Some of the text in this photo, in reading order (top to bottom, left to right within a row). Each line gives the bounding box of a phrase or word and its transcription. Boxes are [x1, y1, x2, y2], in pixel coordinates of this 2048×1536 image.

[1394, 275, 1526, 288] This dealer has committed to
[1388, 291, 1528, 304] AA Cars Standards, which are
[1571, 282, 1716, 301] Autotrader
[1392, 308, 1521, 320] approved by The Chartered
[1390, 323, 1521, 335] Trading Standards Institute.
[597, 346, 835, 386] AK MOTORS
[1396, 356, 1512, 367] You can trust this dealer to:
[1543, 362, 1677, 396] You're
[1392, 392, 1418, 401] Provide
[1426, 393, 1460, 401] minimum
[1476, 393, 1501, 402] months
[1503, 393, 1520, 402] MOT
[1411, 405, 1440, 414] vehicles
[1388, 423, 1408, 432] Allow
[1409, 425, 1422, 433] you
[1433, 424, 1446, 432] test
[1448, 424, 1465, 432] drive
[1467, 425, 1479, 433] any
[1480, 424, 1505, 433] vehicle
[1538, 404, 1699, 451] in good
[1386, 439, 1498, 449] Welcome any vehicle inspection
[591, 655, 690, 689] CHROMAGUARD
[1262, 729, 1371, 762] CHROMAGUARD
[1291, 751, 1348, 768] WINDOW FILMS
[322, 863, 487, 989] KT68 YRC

==*==

Return the whole listing, keeping every word as it is.

Some of the text in this photo, in reading order (top to bottom, left to right within a row). Each line gives the bounding box of a phrase or word and its transcription. Boxes are [x1, y1, x2, y2], in pixel coordinates of this 2048×1536 image.

[1394, 275, 1526, 288] This dealer has committed to
[1388, 291, 1528, 304] AA Cars Standards, which are
[1571, 282, 1716, 301] Autotrader
[1392, 308, 1521, 320] approved by The Chartered
[1390, 323, 1521, 335] Trading Standards Institute.
[597, 346, 835, 386] AK MOTORS
[1396, 356, 1512, 367] You can trust this dealer to:
[1543, 362, 1677, 396] You're
[1392, 392, 1418, 401] Provide
[1426, 393, 1460, 401] minimum
[1476, 393, 1501, 402] months
[1503, 393, 1520, 402] MOT
[1411, 405, 1440, 414] vehicles
[1388, 423, 1408, 432] Allow
[1409, 425, 1422, 433] you
[1433, 424, 1446, 432] test
[1448, 424, 1465, 432] drive
[1467, 425, 1479, 433] any
[1480, 424, 1505, 433] vehicle
[1538, 404, 1699, 451] in good
[1386, 439, 1498, 449] Welcome any vehicle inspection
[591, 655, 690, 689] CHROMAGUARD
[1262, 729, 1371, 762] CHROMAGUARD
[1291, 751, 1348, 768] WINDOW FILMS
[322, 863, 487, 989] KT68 YRC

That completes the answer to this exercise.